Maintenance therapy was stopped and the patient underwent radiotherapy on the left leg with regression of the lesions. The patient is currently under chemotherapy with R-BAC (rituximab, bendamustine, and cytarabine).
Discussion
Mantle cell lymphoma (MCL) is an uncommon form of NHL, accounting for 5–7% of all cases of NHL. It develops from malignant B-lymphocytes within a region of the lymph node known as the mantle zone1. Around 90% of patients with MCL have a mutation that leads to the overproduction of a protein called cyclin D1 in the lymphoma cells2.
It affects mostly men who are usually 60–70 years old1.

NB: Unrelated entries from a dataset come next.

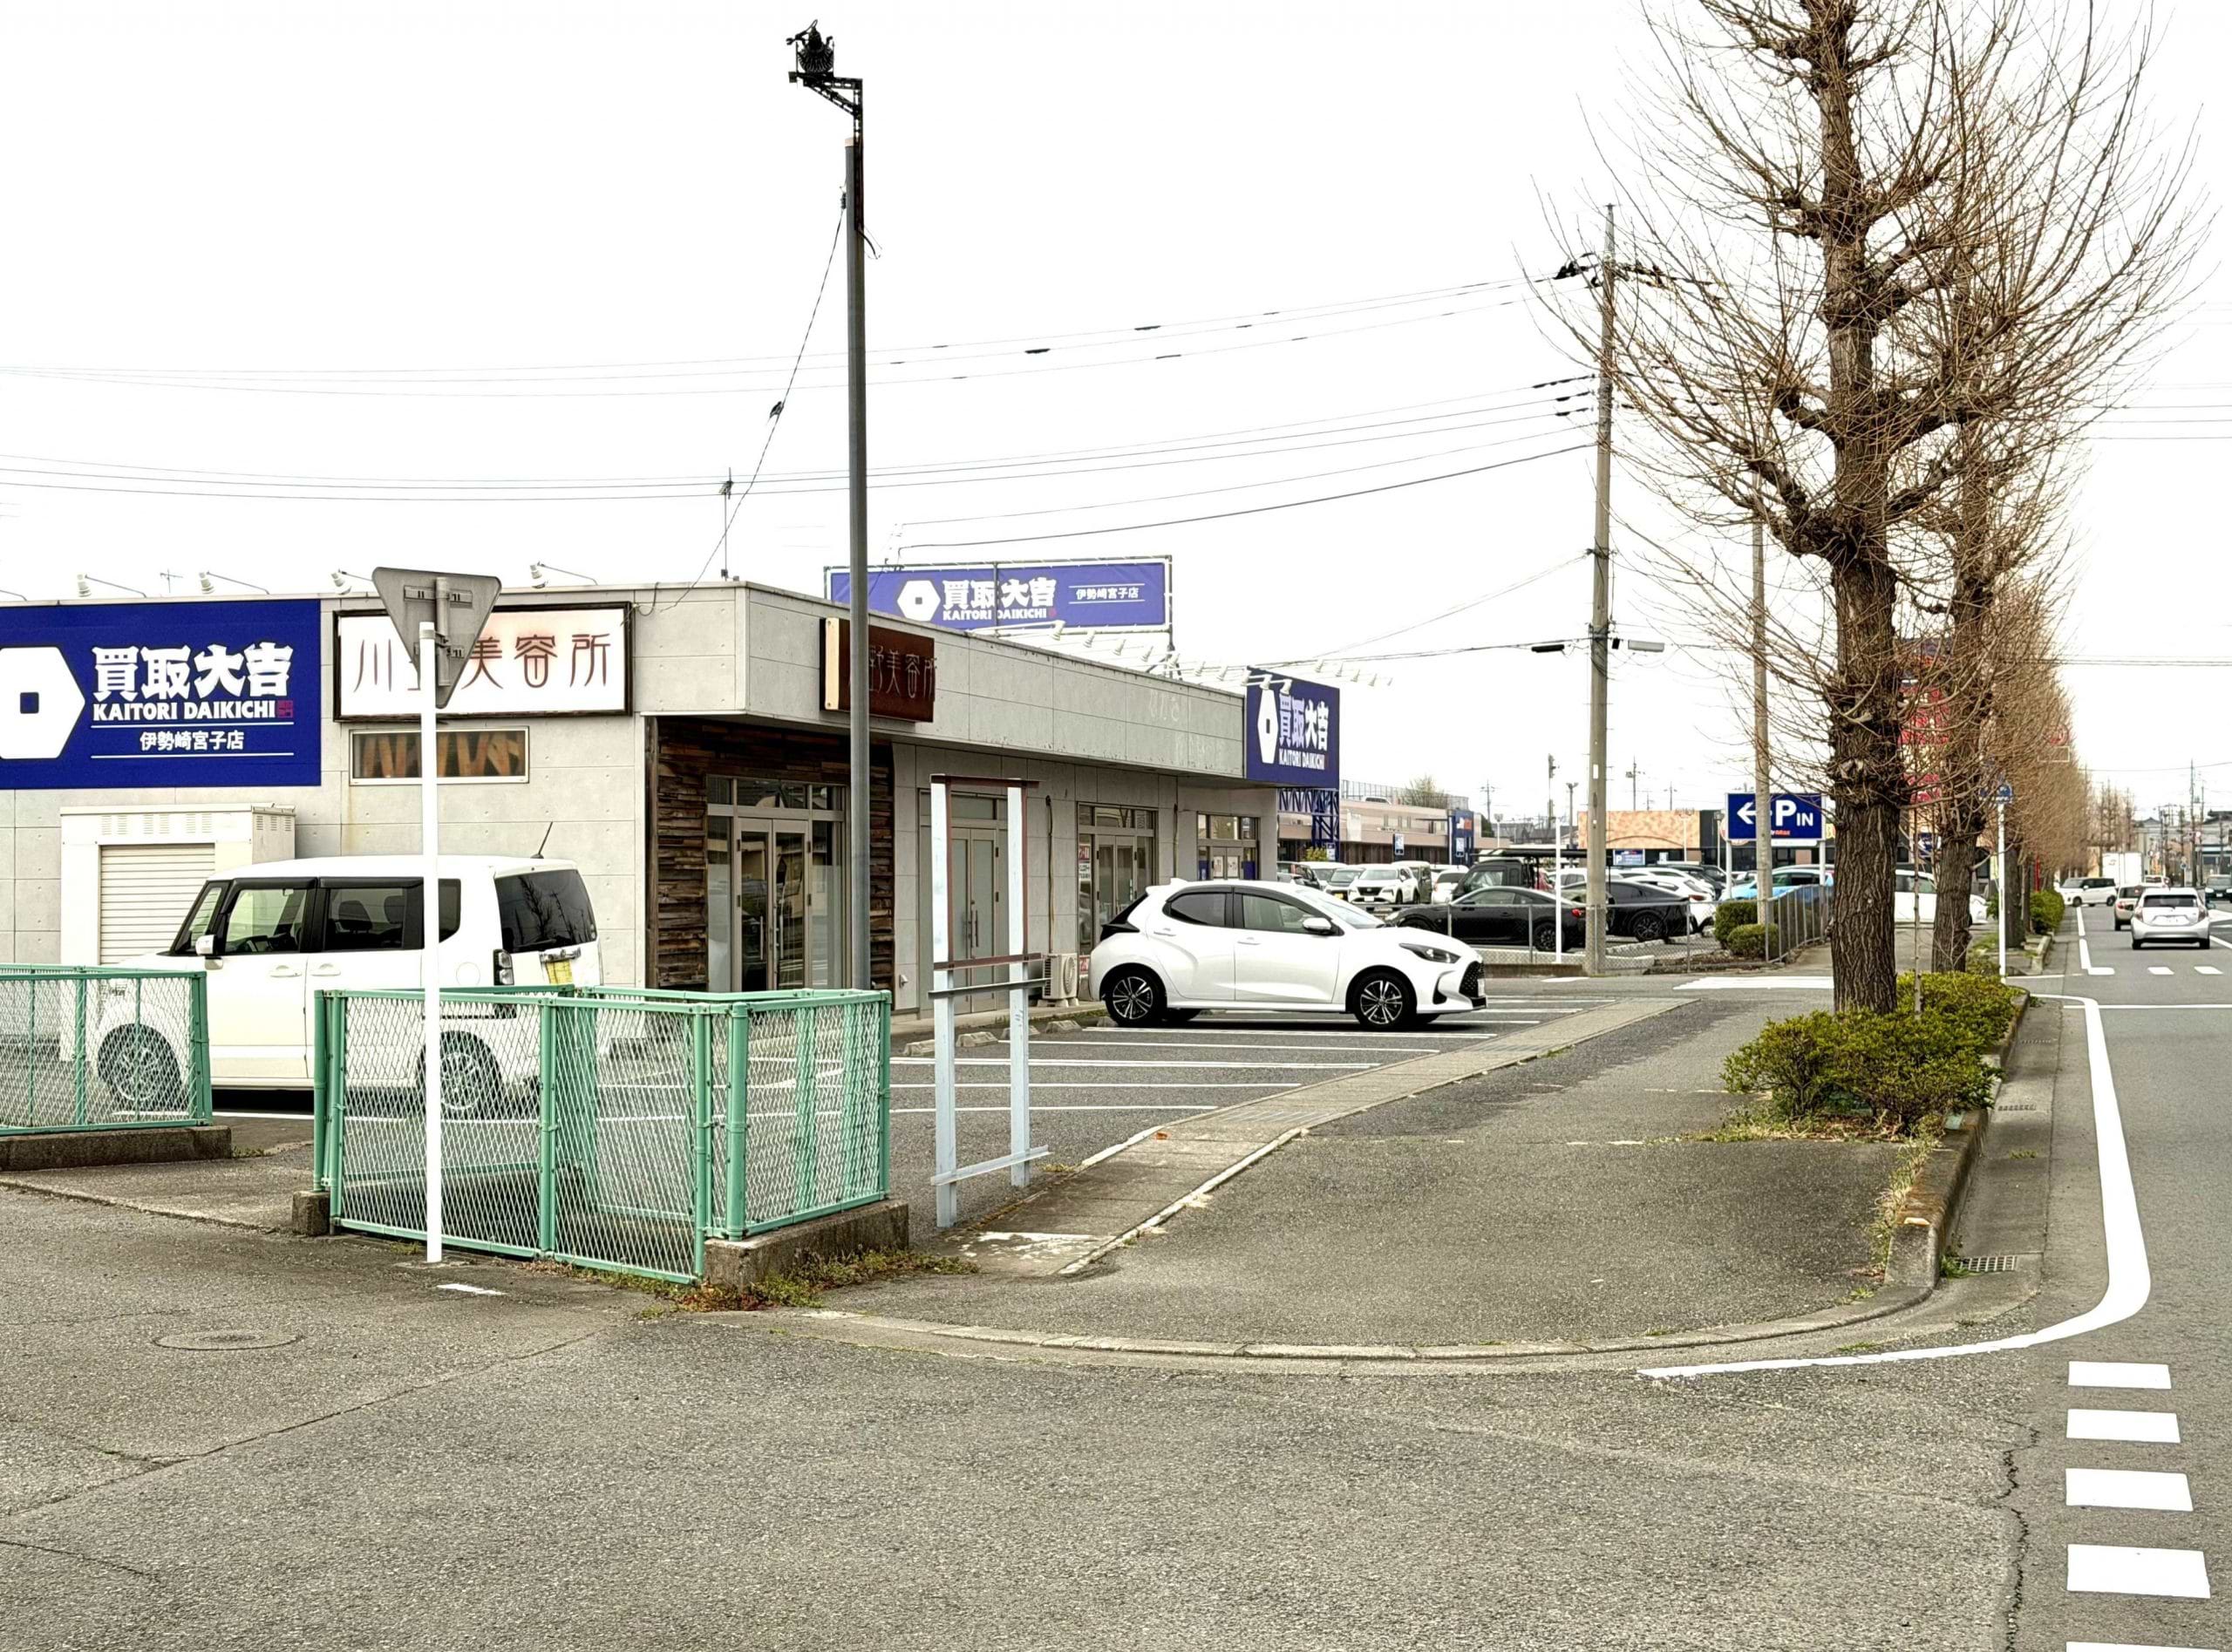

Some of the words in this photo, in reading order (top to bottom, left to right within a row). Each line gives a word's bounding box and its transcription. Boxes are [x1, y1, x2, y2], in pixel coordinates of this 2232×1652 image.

[942, 577, 1057, 609] 買取大吉
[1076, 587, 1140, 600] 伊勢崎宮子店
[943, 610, 992, 621] KAITORI
[997, 608, 1046, 620] DAIKICHI
[92, 642, 294, 702] 買取大吉
[353, 633, 611, 693] 川美容所
[93, 702, 178, 721] KAITORI
[184, 700, 276, 719] DAIKICHI
[1279, 693, 1329, 751] 買取大吉
[140, 731, 244, 751] 伊勢崎宮子店

The disease is typically widespread at diagnosis. Extranodal involvement, especially of the gastrointestinal tract, spleen and bone marrow, is fairly common in MCL3.
In the classification of World Health Organization, MCL is listed as an extracutaneous lymphoma secondarily involving the skin2. Primary involvement of the skin with MCL is controversial and extremely rare. Secondary involvement is described to occur in 2% of all MCL cases and in 17% of cases with stage IV MCL, with about 30 cases reported4-6. This case was also a stage IV MCL.

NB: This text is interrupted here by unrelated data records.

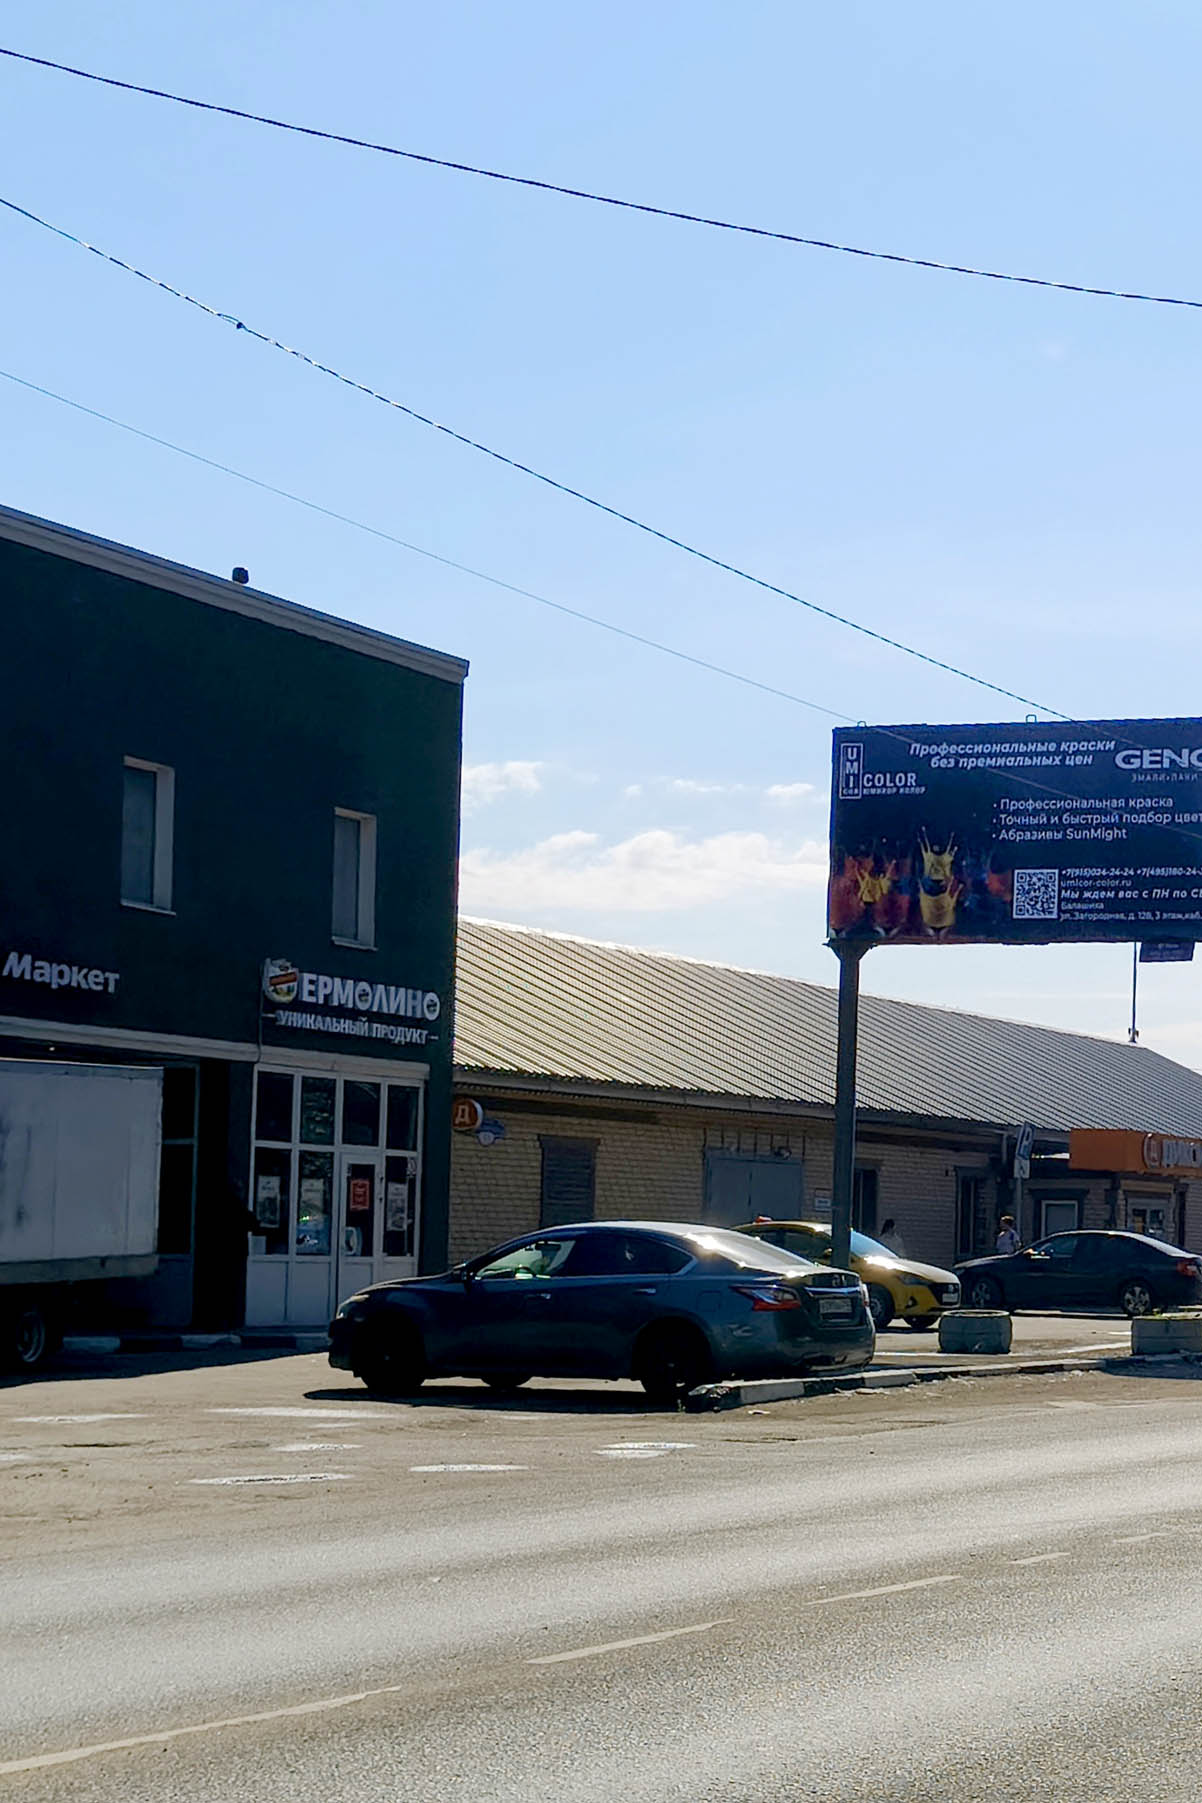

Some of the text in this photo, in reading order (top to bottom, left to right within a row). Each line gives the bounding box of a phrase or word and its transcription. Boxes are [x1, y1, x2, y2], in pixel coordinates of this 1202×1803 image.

[909, 740, 1116, 758] Профессиональные краски
[930, 753, 1093, 770] без премиальных цен
[863, 772, 917, 788] COLOR
[1000, 797, 1174, 812] Профессиональная краска
[999, 813, 1048, 826] Точный
[1050, 815, 1059, 825] и
[1062, 812, 1120, 827] быстрый
[1122, 811, 1172, 826] подбор
[999, 827, 1128, 842] Абразивы SunMight
[1060, 889, 1080, 899] Мы
[1082, 889, 1115, 899] ждем
[1118, 890, 1140, 898] вас
[1152, 888, 1170, 899] ПН
[1172, 889, 1188, 898] по
[2, 951, 120, 993] Маркет
[302, 972, 441, 1021] ЕРМОЛИНО
[276, 1010, 429, 1045] УНИКАЛЬНЫЙ ПРОДУКТ

Most cases report skin involvement of the trunk, followed by the face, upper limbs and less commonly, the lower limbs and abdomen. Also, the primary lesions are usually described as erythematous nodules but can also be papules and plaques2,4-6. In this case, the patient presented with patches and plaques in only one lower limb at the site of a previous orthopaedic surgery which has never been described to our knowledge.
The immunohistochemical profile of the MCL of our patient was comparable to that of published cases. According to the guidelines, the diagnosis of MCL should be established on the basis of morphological examination and immunophenotyping with the detection of cyclin D1 protein overexpression. Histologically MCL is composed of diffuse or nodular proliferations of B lymphocytes positive for B-cell markers, like CD79a, CD19, CD20, CD22 and CD5 and usually negative for CD10, CD23 and bcl-66. In this case, the skin biopsy revealed a diffuse lymphoid proliferation with tumour cells positive for B-cell markers—CD20 and CD5, negative for CD3 and CD10 and overexpression of cyclin D1.

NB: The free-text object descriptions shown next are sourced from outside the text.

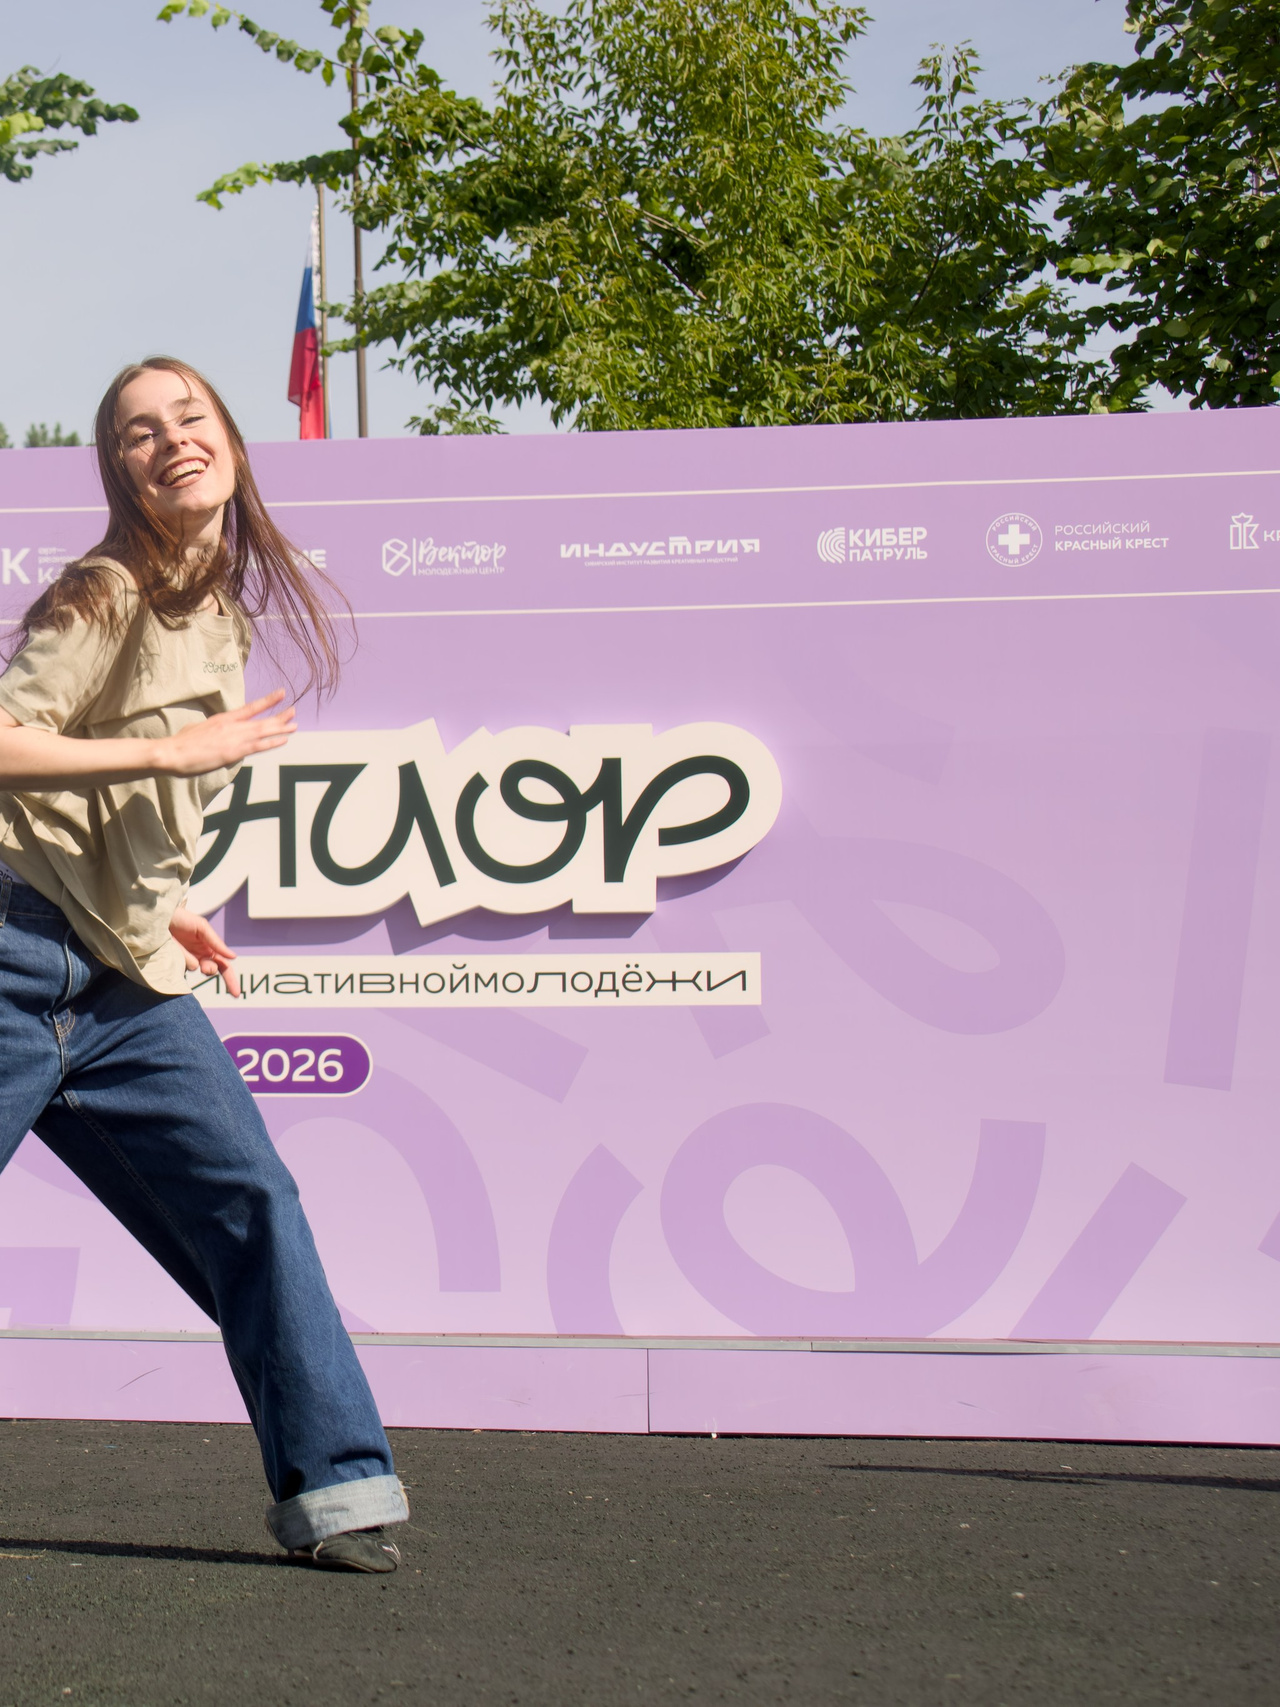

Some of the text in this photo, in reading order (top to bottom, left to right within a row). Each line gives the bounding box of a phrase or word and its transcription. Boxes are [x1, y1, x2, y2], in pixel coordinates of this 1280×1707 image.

[992, 515, 1038, 531] РОССИЙСКИЙ
[1055, 520, 1150, 535] РОССИЙСКИЙ
[560, 536, 760, 558] ИНДУСТРИЯ
[849, 526, 928, 547] КИБЕР
[1055, 537, 1169, 551] КРАСНЫЙ КРЕСТ
[418, 537, 508, 571] Вектор
[849, 546, 928, 562] ПАТРУЛЬ
[990, 543, 1038, 564] КРАСНЫЙ КРЕСТ
[237, 1047, 344, 1084] 2026

Patients who develop the cutaneous disease with widespread MCL typically have a progressive disease and, therefore, poor prognosis4.
Although rare, skin involvement can be the first complaint of MCL in some cases and therefore, its first manifestation. Since this type of lymphoma is associated with a poor prognosis, a quick diagnosis and rapid treatment are crucial for survival.